►
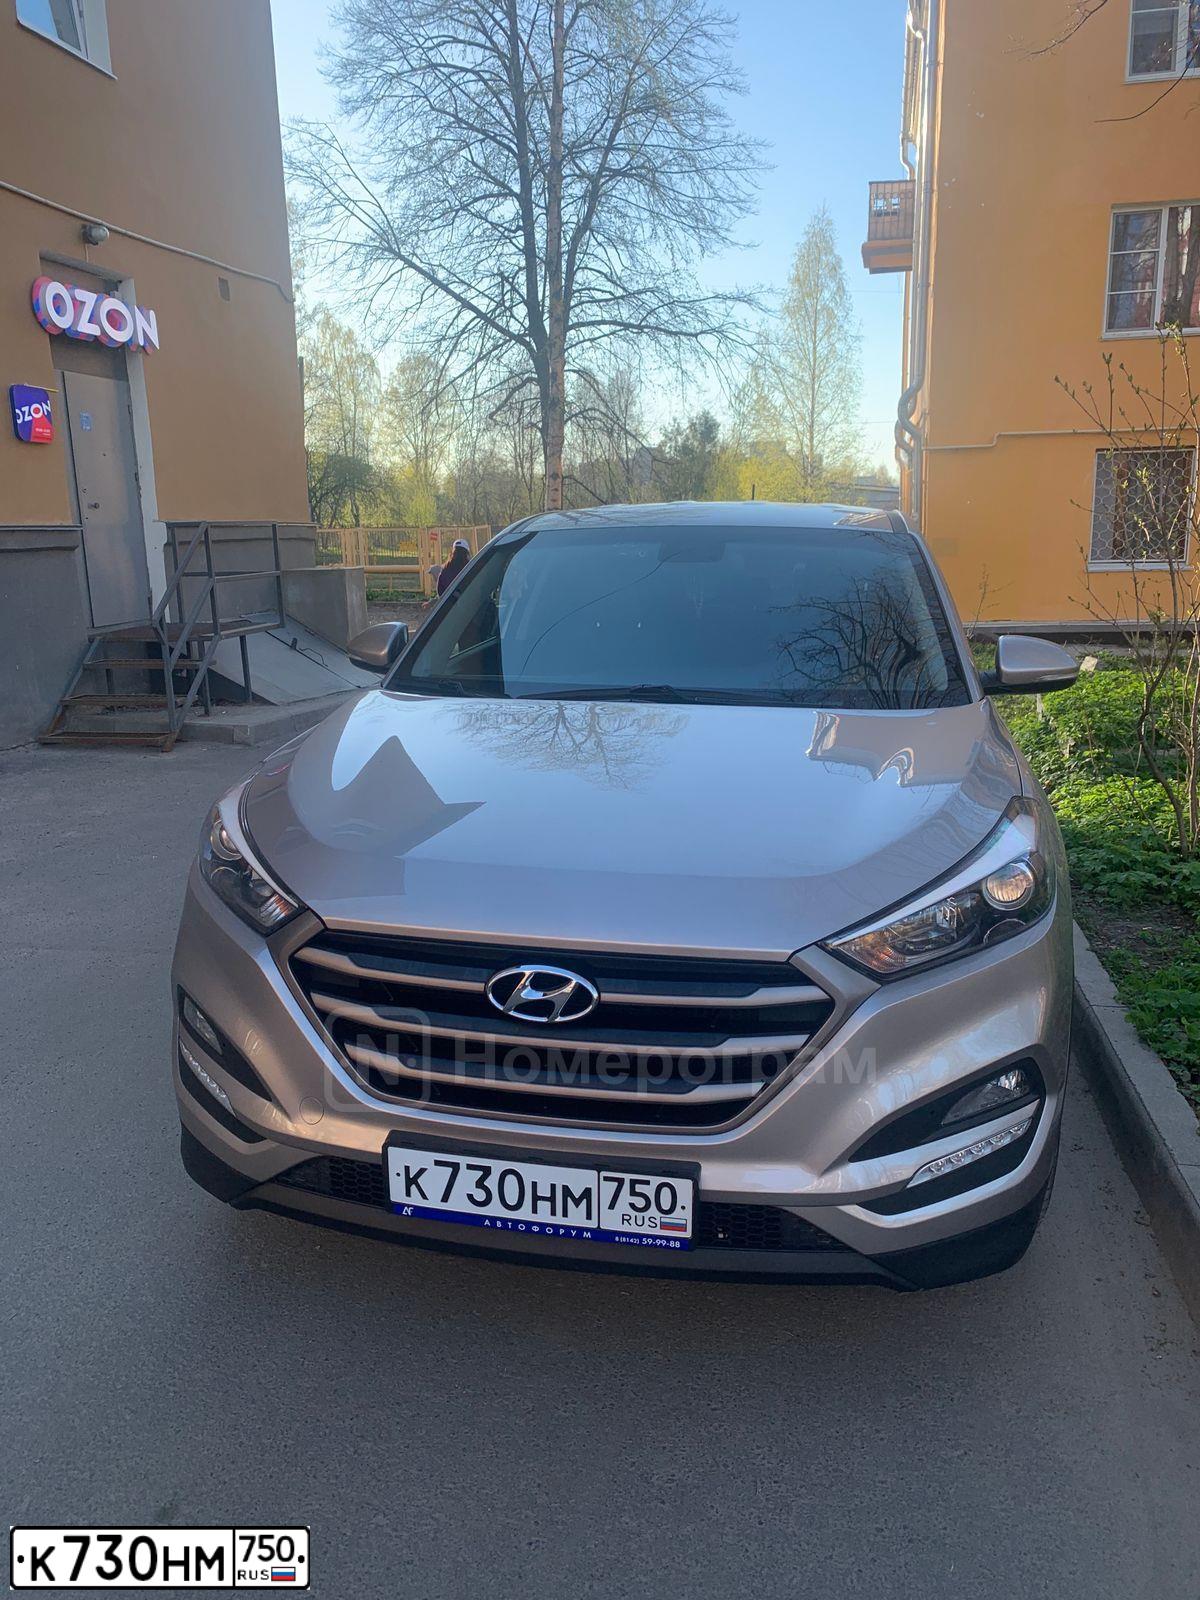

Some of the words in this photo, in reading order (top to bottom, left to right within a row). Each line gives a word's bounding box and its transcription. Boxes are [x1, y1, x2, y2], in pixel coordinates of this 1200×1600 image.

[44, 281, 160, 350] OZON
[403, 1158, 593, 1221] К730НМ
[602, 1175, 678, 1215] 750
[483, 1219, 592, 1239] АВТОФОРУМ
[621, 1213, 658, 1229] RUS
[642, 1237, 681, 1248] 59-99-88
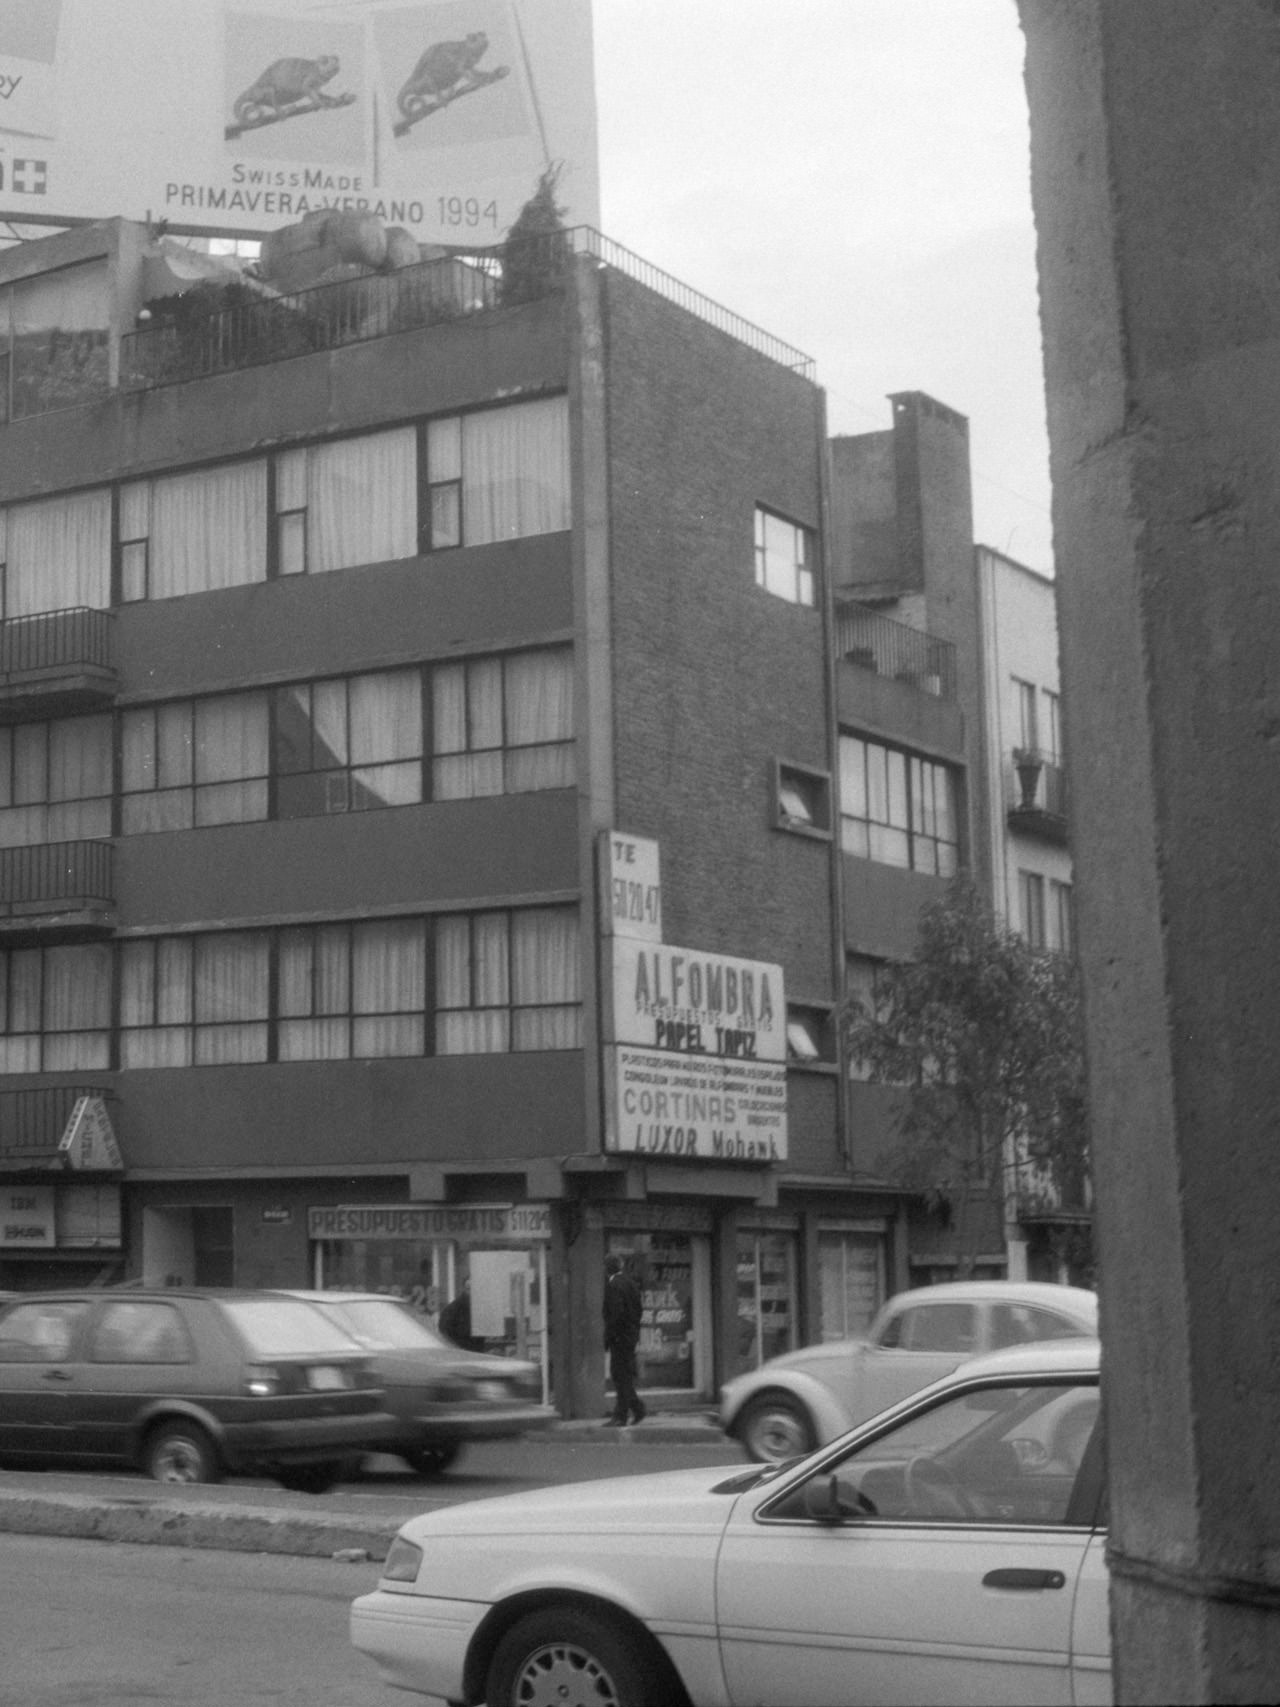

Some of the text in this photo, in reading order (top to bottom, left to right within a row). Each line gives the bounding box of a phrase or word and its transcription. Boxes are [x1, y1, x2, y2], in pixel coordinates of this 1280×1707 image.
◄
PROBLEM: Return each line of the data, keeping its wording exact and omitting pictures.

THE COMPLETED TASK:
Some of the words in this photo, in reading order (top to bottom, left to right within a row). Each line gives a word's bounding box and its transcription. Boxes are [x1, y1, x2, y2], in pixel coordinates of this 1200×1600 image.

[44, 281, 160, 350] OZON
[403, 1158, 593, 1221] К730НМ
[602, 1175, 678, 1215] 750
[483, 1219, 592, 1239] АВТОФОРУМ
[621, 1213, 658, 1229] RUS
[642, 1237, 681, 1248] 59-99-88

Some of the text in this photo, in reading order (top to bottom, left to right within a row). Each line gives the bounding box of a phrase or word and its transcription. Boxes are [x1, y1, x2, y2], in pixel coordinates of this 1280×1707 image.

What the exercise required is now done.